LOS ANGELES, CA – Une nouvelle analyse de Parksy (parksy.com), un marché de stationnement gratuit, révèle un fossé marqué dans la disponibilité du stationnement autour des plus grands stades et arénas d'Amérique. L'entreprise a compté ses options de stationnement répertoriées dans un rayon de cinq miles autour de douze grands sites, constatant que les arénas du centre-ville comme le Madison Square Garden offrent près de 2 000 options, tandis que les stades de banlieue comme le Hard Rock Stadium de Miami n'en ont que 18.
Selon les données, le Madison Square Garden est en tête avec 1 986 places de stationnement répertoriées, suivi du Soldier Field avec 1 583 et du Fenway Park avec 587. En revanche, les sites de banlieue sont nettement en retrait : l'AT&T Stadium en compte 107, l'Allegiant Stadium 96, le MetLife Stadium 58, et le Hard Rock Stadium seulement 18. Le SoFi Stadium se situe au milieu avec 277 annonces, sur plus de 32 000 places au total sur Parksy à l'échelle nationale.
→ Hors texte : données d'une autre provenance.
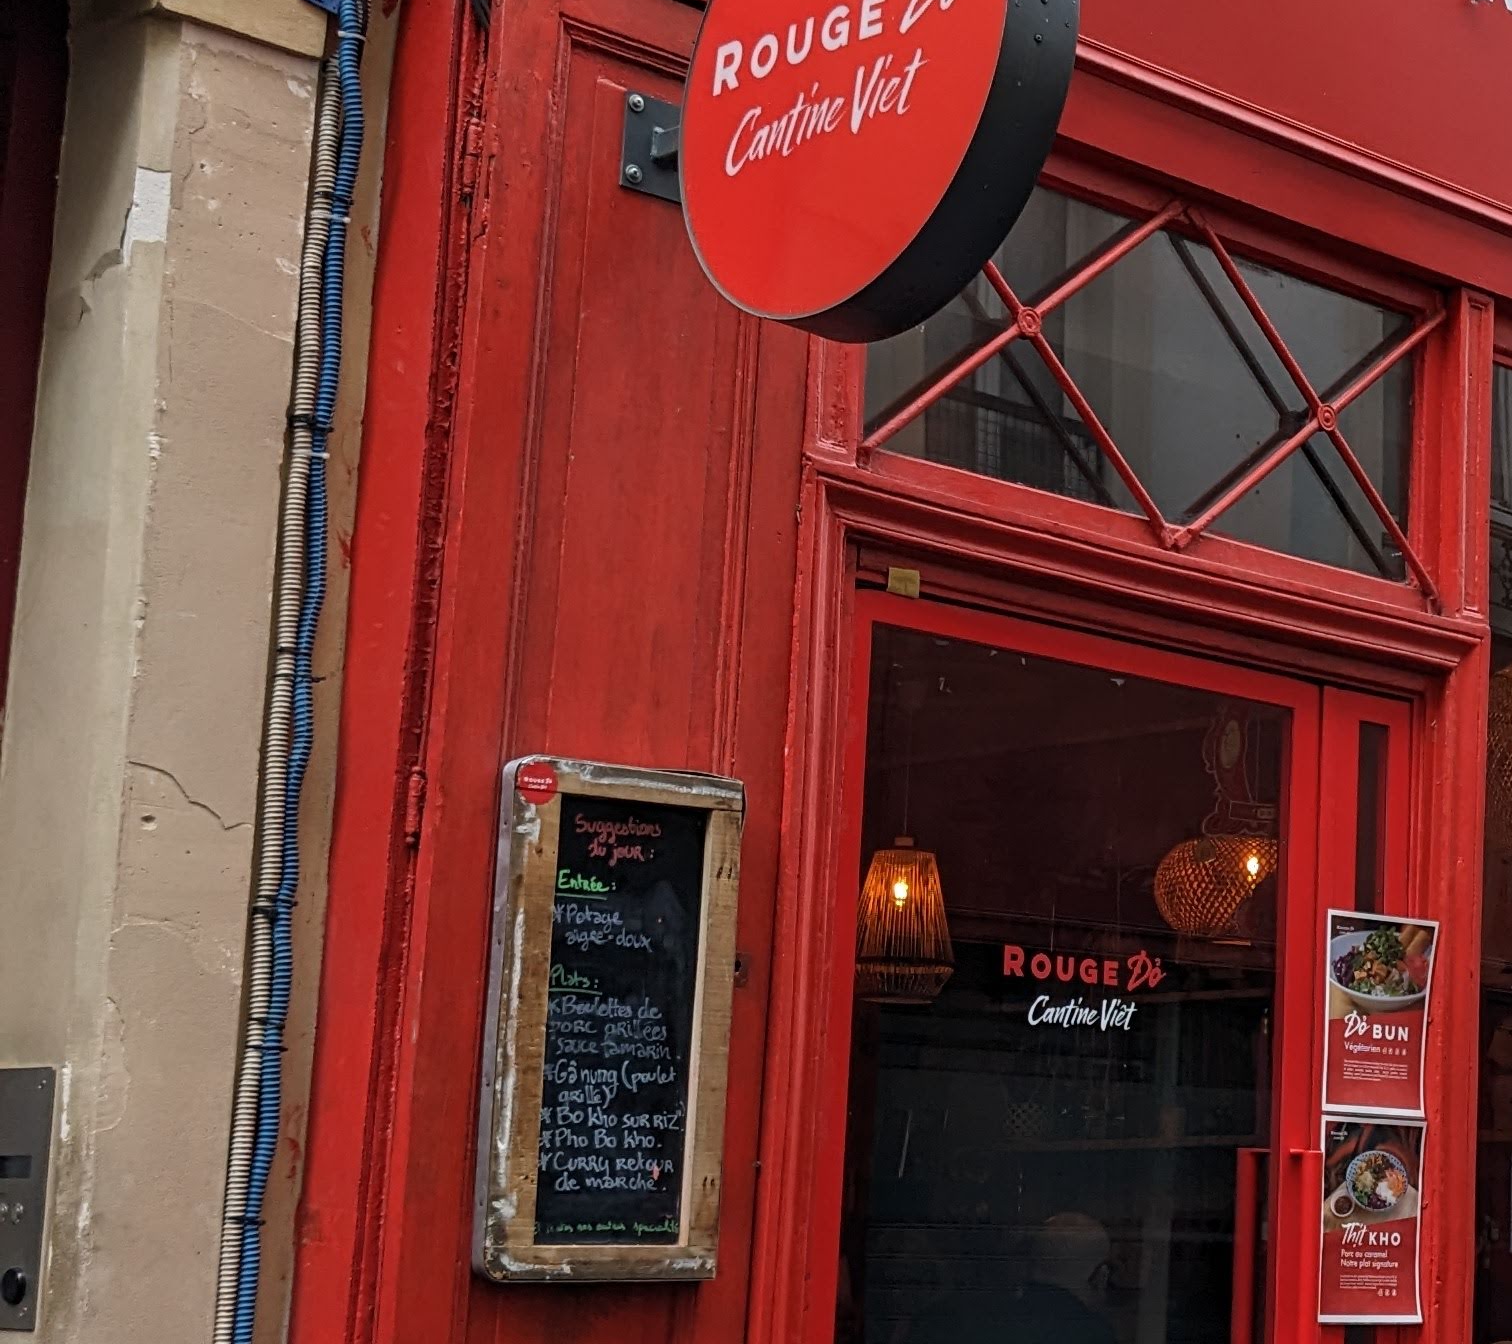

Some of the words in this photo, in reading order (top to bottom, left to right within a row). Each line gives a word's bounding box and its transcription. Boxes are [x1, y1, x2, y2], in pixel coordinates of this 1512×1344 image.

Selon Parksy, ce schéma est structurel. Les arénas du centre-ville héritent des garages et parkings existants de la ville environnante, tandis que les stades de banlieue sont souvent entourés de rues résidentielles avec peu de stationnement commercial à proximité. Cependant, l'entreprise soutient que l'offre manquante est déjà construite : les allées des propriétaires voisins.
Parksy permet aux propriétaires près de tout site de répertorier gratuitement une allée ou une place inutilisée, sans frais de publication, sans commission et sans paperasse de location. Le propriétaire fixe le prix, garde chaque dollar et choisit les dates. Ce modèle vise à mettre en relation les conducteurs avec le stationnement résidentiel sous-utilisé, en particulier lors d'événements où la demande augmente.
Daniel Battaglia, fondateur et PDG de Parksy, a souligné l'inadéquation entre l'offre et la demande dans les quartiers des stades. « La demande arrive avec quatre-vingt mille voitures à la fois et l'offre est ce que le parking officiel peut contenir. La différence se trouve sur le béton résidentiel à vingt pieds du trottoir. Ce n'est pas une pénurie de stationnement. C'est une pénurie de présentations », a-t-il déclaré.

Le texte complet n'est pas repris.